● To do:
Beginning with the first line below, output every record verbatim and leave out the images.

• • •

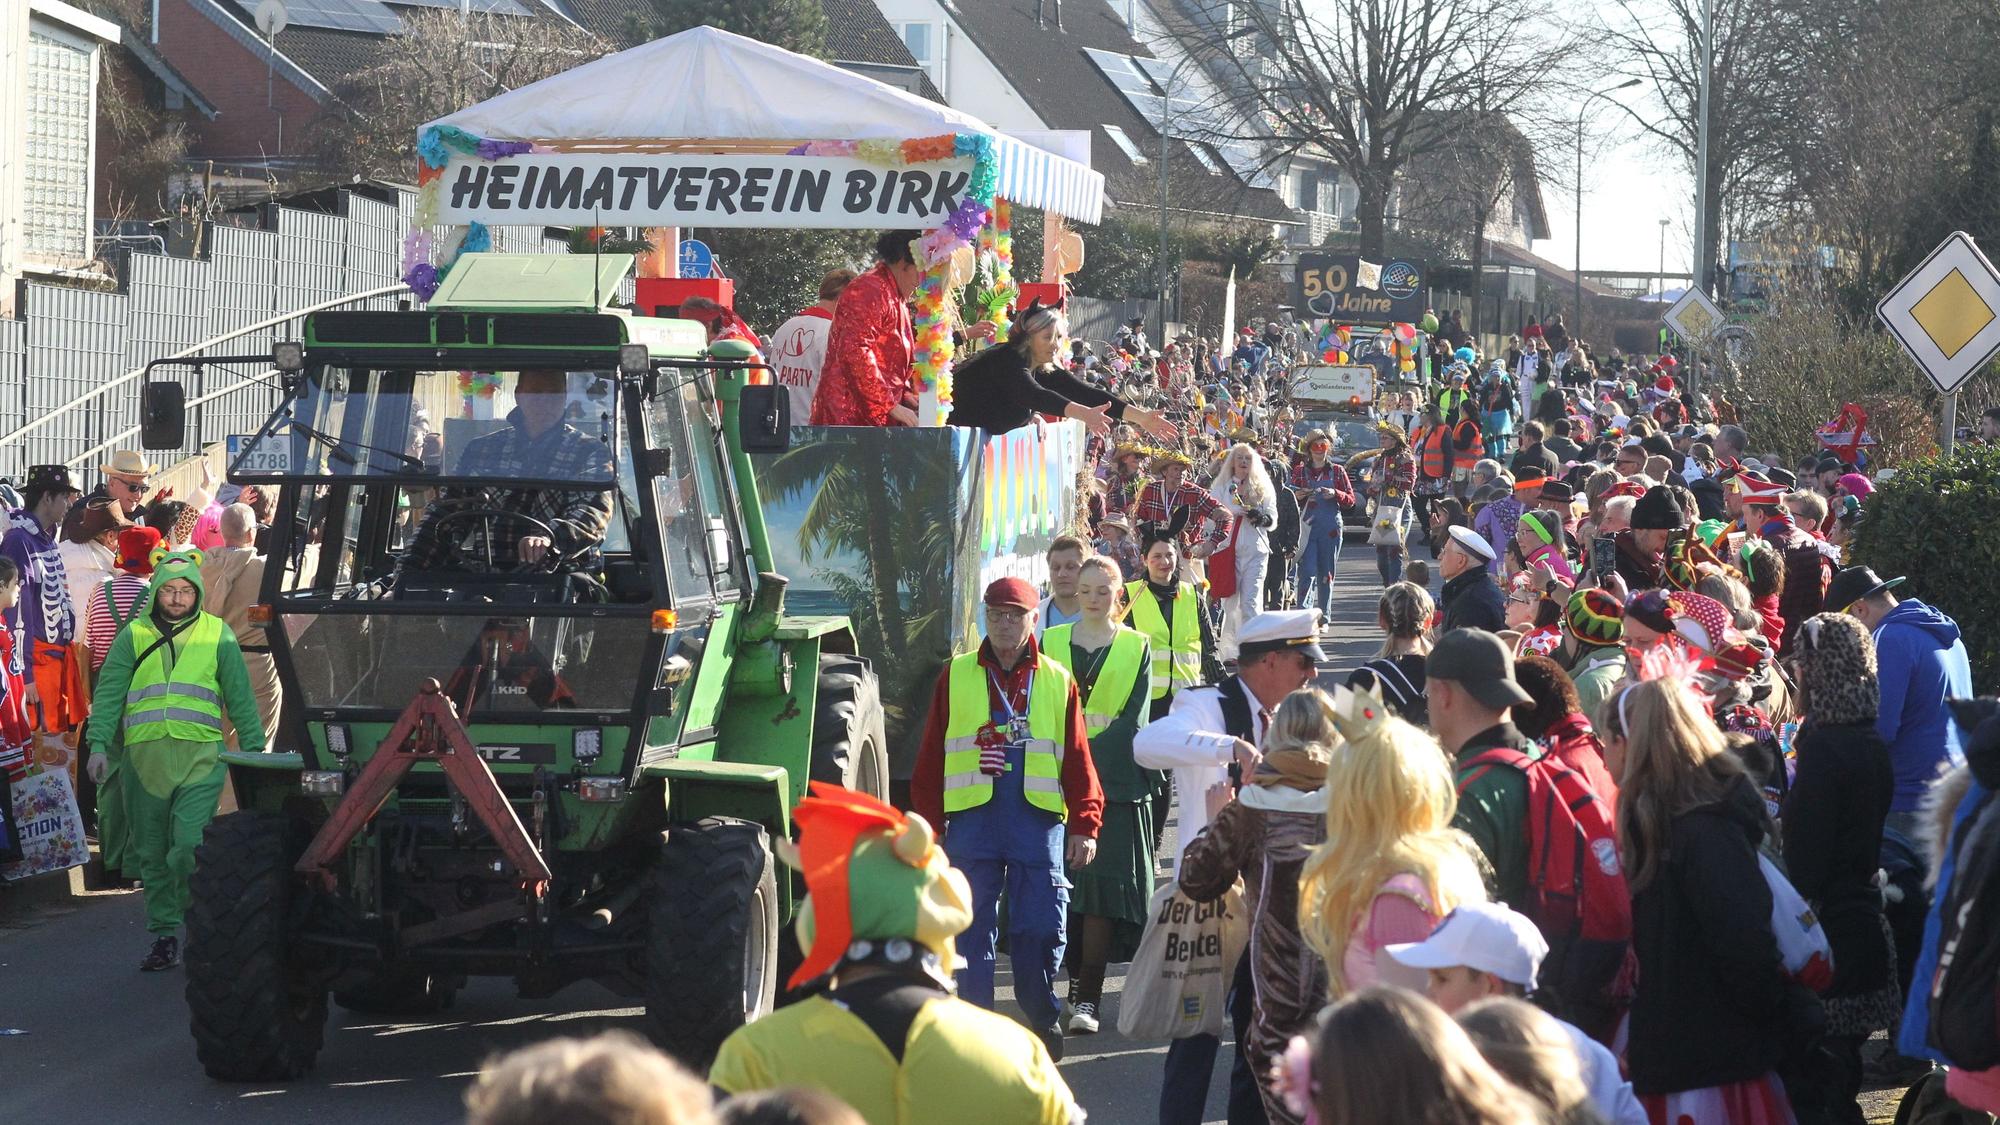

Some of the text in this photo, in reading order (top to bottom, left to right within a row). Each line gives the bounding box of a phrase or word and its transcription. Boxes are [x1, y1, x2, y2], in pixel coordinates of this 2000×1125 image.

[451, 165, 969, 218] HEIMATVEREIN BIRK
[1303, 265, 1347, 296] 50
[1337, 293, 1391, 313] Jahre
[780, 365, 812, 388] PARTY
[499, 686, 527, 695] KHD
[17, 815, 62, 840] CTION
[1157, 896, 1193, 925] Der

• • •

● Result:
Some of the text in this photo, in reading order (top to bottom, left to right within a row). Each line gives the bounding box of a phrase or word and its transcription. Boxes are [x1, y1, x2, y2], in pixel coordinates of this 2000×1125 image.

[451, 165, 969, 218] HEIMATVEREIN BIRK
[1303, 265, 1347, 296] 50
[1337, 293, 1391, 313] Jahre
[780, 365, 812, 388] PARTY
[499, 686, 527, 695] KHD
[17, 815, 62, 840] CTION
[1157, 896, 1193, 925] Der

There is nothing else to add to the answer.